[vorbis-dev] Re: [vorbis] Request for Standardization: classical music TAGS

Craig Dickson crdic at yahoo.com
Wed Oct 3 17:19:11 PDT 2001

Greg Wooledge wrote:

> I think you misunderstood the proposal.  Either that, or I did.
> The ARTIST tag would be overloaded to mean COMPOSER when dealing with
> classical music.  The ARTIST would be "Ludwig van Beethoven" or "Johann
> Sebastian Bach" or "Bela Bartok" -- not the performer or the conductor.
> That way, players that display "$ARTIST - $TITLE" would show "Ludwig van
> Beethoven - Symphony no. 9".  This is the natural way to handle classical
> music.
> But this leaves a gap -- not only in classical music, but in *pop*
> music!  If you use ARTIST to mean performer in pop music (which, again,
> is the natural designation in that genre), then you have no place for
> the songwriters.  The reverse holds for classical music -- if ARTIST
> designates the composer of the music, then you need an extra tag for
> the performers.

No, I don't agree. I think it's silly to reverse the meaning of "artist"
and "composer" for classical music. Beethoven was a composer, not a
recording artist, so "artist=Beethoven" is patently ridiculous.

It is true that people often think of classical pieces in terms of who
wrote them, but that doesn't change the meanings of the words "artist"
and "composer". Nor does it necessarily imply that people want to see
"Beethoven - Moonlight Sonata" in their WinAmp/xmms/etc. playlist
window. If, let's say, I had several different performances of the
Moonlight Sonata in a playlist, each by a different performer, it would
be pretty useless for all of them to be identified as "Beethoven -
Moonlight Sonata". I'd definitely want to see the performer's name.

I think the issue you're grappling with is that in classical music, the
composers are often more famous than the performers, while in pop music,
the general public often has no idea who wrote a song, even though it's
credited in the CD booklet (sometimes in rather small print on the last

There are counter-examples, though, even in classical music. If you have
a Glenn Gould performance of a Bach fugue, you probably want to see
"Glenn Gould" in the playlist, because he's an immensely important
performer. A Gould performance isn't just a Bach piece, it's Gould's
Bach piece, much more so than is typically the case with classical
performers.
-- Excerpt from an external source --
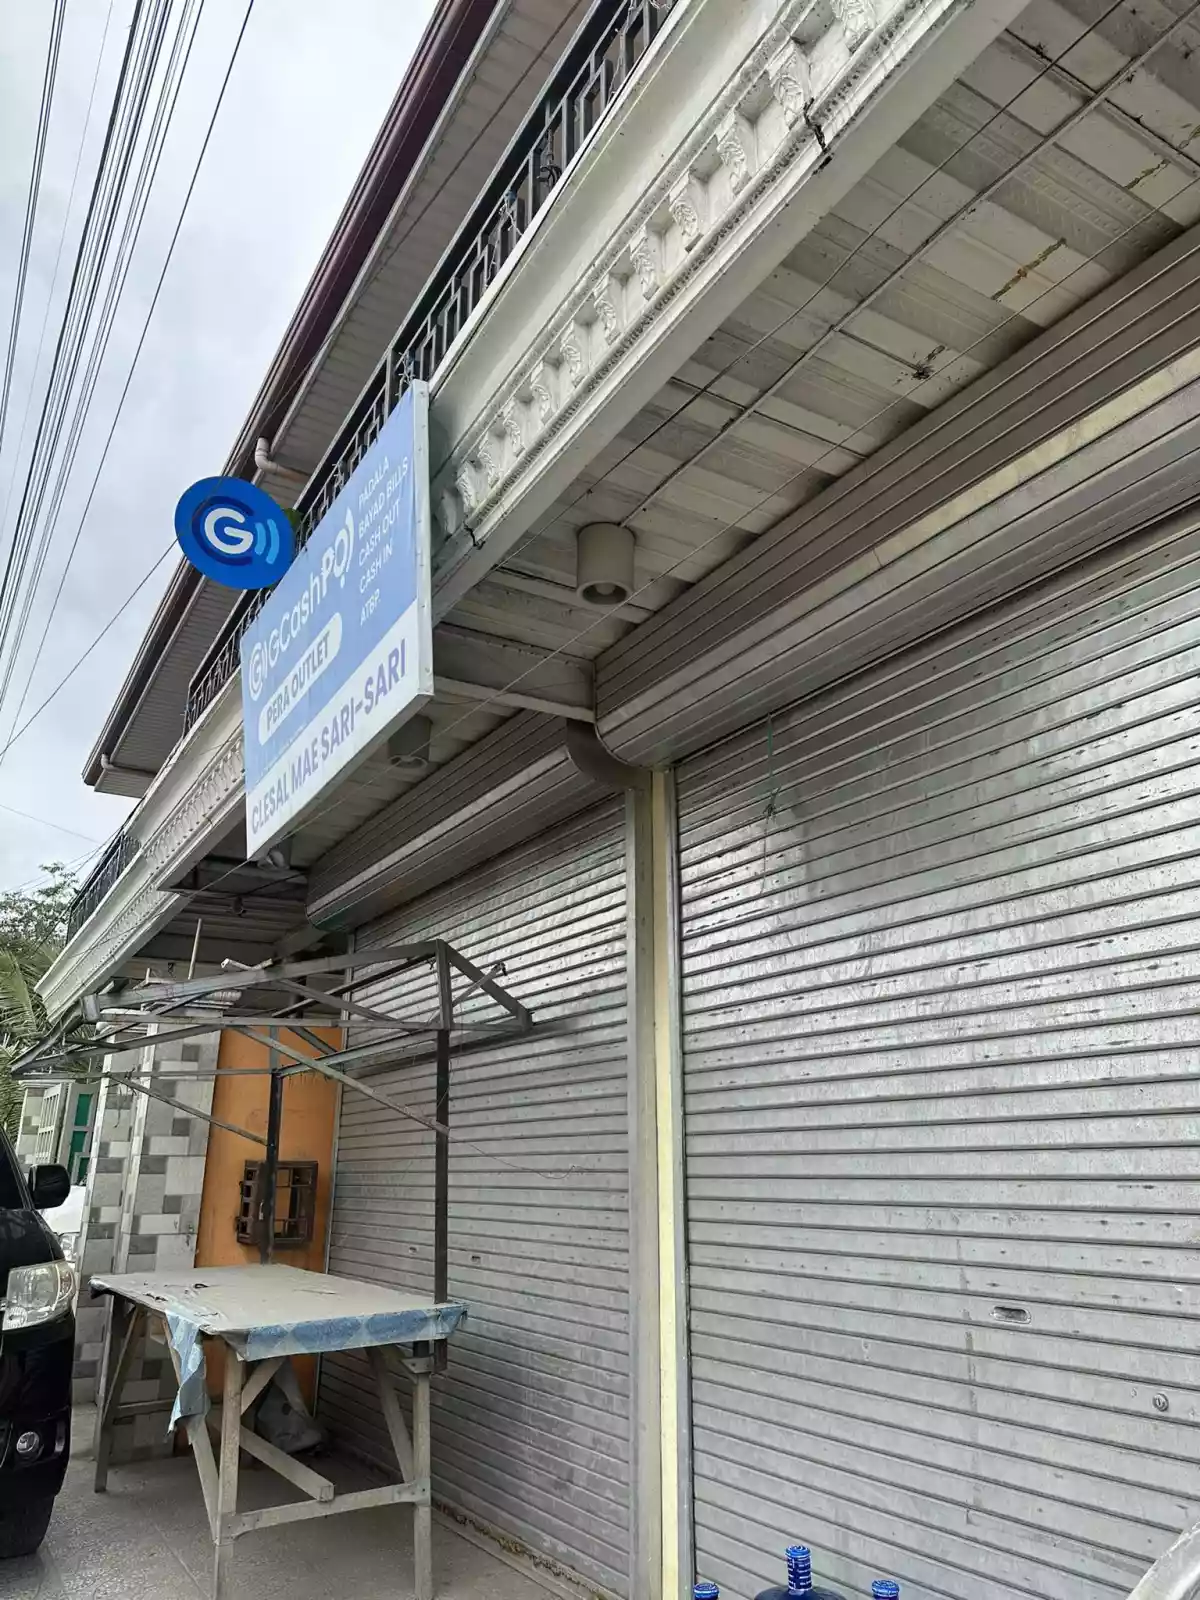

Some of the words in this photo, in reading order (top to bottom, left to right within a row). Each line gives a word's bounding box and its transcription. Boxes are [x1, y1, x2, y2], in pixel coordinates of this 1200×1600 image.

And since he was a Bach specialist, it's almost beside the
point to say that Bach wrote a piece that Gould played.

I think what this really boils down to is that it is not adequate for
the player software to have a single format style that it always uses
for all music, even if that format is user-configurable. There are a
few ways this situation could be improved:

(1) Embed formatting information in a tag in each audio file. This is
    a way to take Ogg where MP3 cannot go without a new ID3 revision.
    The trick, of course, is to get the players to support it.

(2) Embed formatting information in the playlist file. Again, the players
    would need to support it, and it would not give Ogg an advantage over
    MP3 or WMA.

(3) Have the player support a separate format style for each genre of
    music, based on the Genre tag in the file. Obviously there would
    be a default format, so you wouldn't have to define every possible
    genre's format in advance. This, again, would not give Ogg an
    advantage, but the end user wouldn't have to set the format style
    for every file. This is the least flexible but probably most
    convenient for the end user of these three options.

> We also need it to be simple to use -- not only for decoding software,
> but for *people*.  I sure as hell do not want to type XML gibberish.

It would be silly for you to have to do that directly. The tag-editing
software would have to take care of XML formatting for you.